Long words short, the neural network can come into play in this yard is because of at least two reasons.

• One is the fact that universal approximation theorem states that “simple neural networks can represent a wide variety of interesting functions when given appropriate parameters”.
• The second reason is that modern computation framework such as Tensorflow or PyTorch allows the user to get the numerical differentials of given variables quite easily once the computatio graph is correctly built.

For example, if $y = 2x^2$, with some easy calculus knowledge you know $\frac{dy}{dx} = 4x$. You will then know every exact value of this derivative when the actual value of $x$ is given, e.g. $\frac{dy}{dx}|_{x=1} = 4$. The number 4 is essentially what you can get from these computation frameworks if you query the first order derivative of $y$ w.r.t $x$ and feed the value 1 to variable $x$. Now with useful tools as these, the solution of differential equations can also be addressed as an optimization problem: the network $\phi$ should learn parameters $p$ so that the object function $||L \phi(p)|| + ||f(\phi; p)||$ is minimized. $||\cdot||$ is some norm or metric used to measure the error. Some commonly used ones are mean sqaured error (MSE) or mean absolute error (MAE). One could also use a weighed sum to balance the equation loss $||L \phi(p)||$ and the boundary condition loss $||f(\phi; p)||$.
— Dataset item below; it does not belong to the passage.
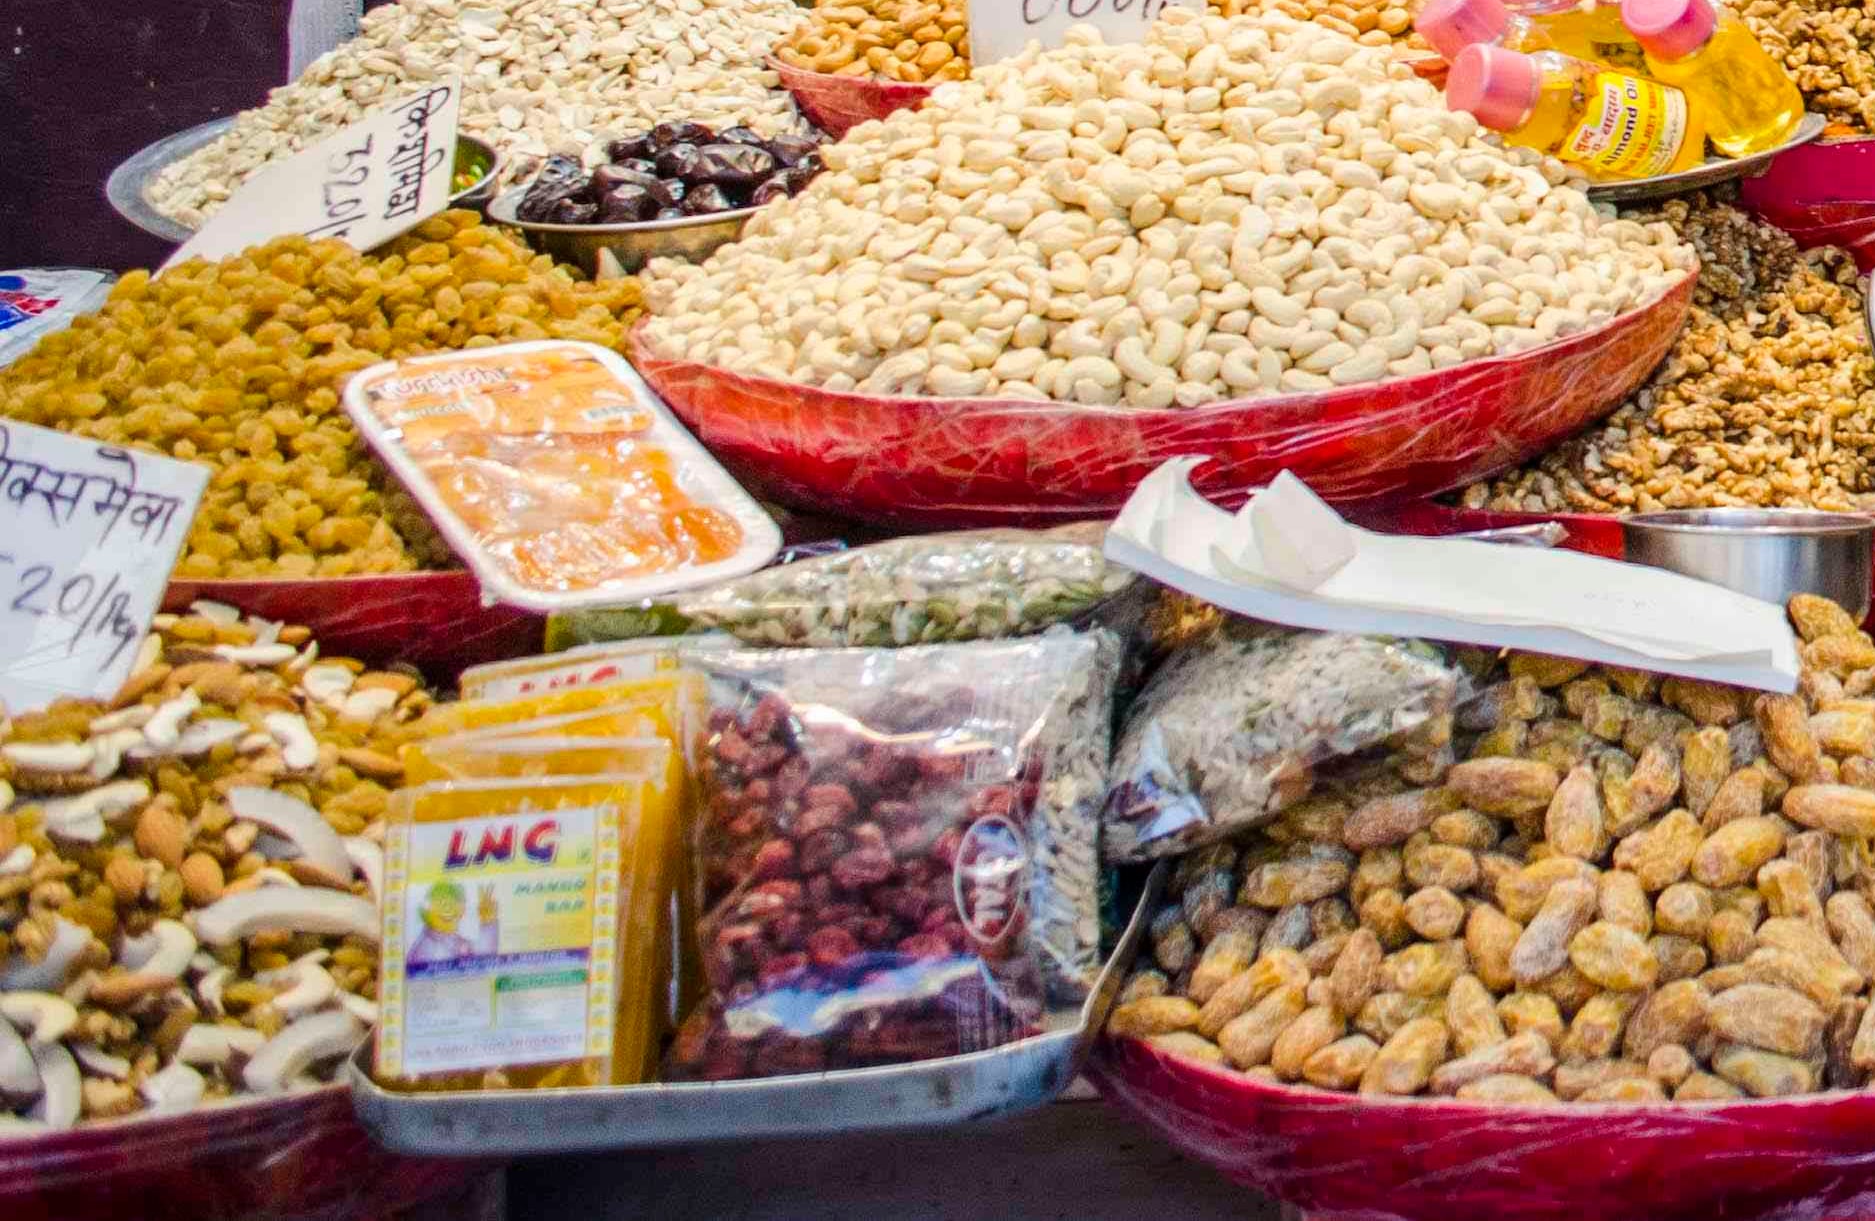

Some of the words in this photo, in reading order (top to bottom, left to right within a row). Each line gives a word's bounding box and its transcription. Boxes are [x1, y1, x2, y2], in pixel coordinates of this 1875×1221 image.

[1602, 106, 1638, 167] Almond
[1624, 77, 1639, 100] Oil
[443, 820, 562, 871] LNG
Now Let’s play some toy examples.

### 1d example

$\frac{dx}{dt} = -x$ and $x(0) = 1$

First, we need to think about what data to feed into the neural network. It is easy in this example, we can just feed grid points or randomly selected points (x, t): (1, 0), (1, 0.2), (1, 0.4), (1, 0.6), … Second, we should consider what needs to be done to enforce the initial/boundary conditions. There are at least two ways:

• Feed points at the boundary consistently to the network during training. This method is simple, but the points needed grows exponentially with the growth of dimension and the training may not be stable if these points are not properly selected.
• Construct a solution template so that initial/boundary conditions are automatically satified. This method requires some human genius. In this toy example, the template is easy, one can set the form of solution: $x = x_0 + t\phi$. In this case, only the equation loss will remain in the object function for optimization.

Once the network is built (here a simple MLP with only one hidden layer is used for $\phi$) and training data obtained, we can train it to see how it performs. In this toy example, the training should be done with <1s on your laptop. The flowing picutures show the prediction from the network (left) and the error term of equation, i.e. the value of $\frac{dx}{dt} + x$. Not too bad, and you can certainly improve it yourself. The code for it can be found here.

### 2d example

Now let’s work on the Laplace equation

$\Delta u = 0, u = u(x, y)$

with boundary conditions

$u(1,y) = u(0, y) = u(x, 0) =0$ and $u(x,1) = \sin (\pi x)$

on unit square $[0, 1] \times [0, 1]$. The solution template here will be a little more complicated as

$u = y\sin(\pi x) + x(x-1)y(y-1)\phi$.

Again, you can use grid points or randomly selected points (x, y) in the unit square as training data. The training time may be a little longer depending on your training data size. The following example only uses about 100 grid points, 2000 epochs and the training completed within seconds. (check here for the code). Predicted solution is shown on the left, the equation loss is plotted on the right. The performance can be improved with more training data or deeper network.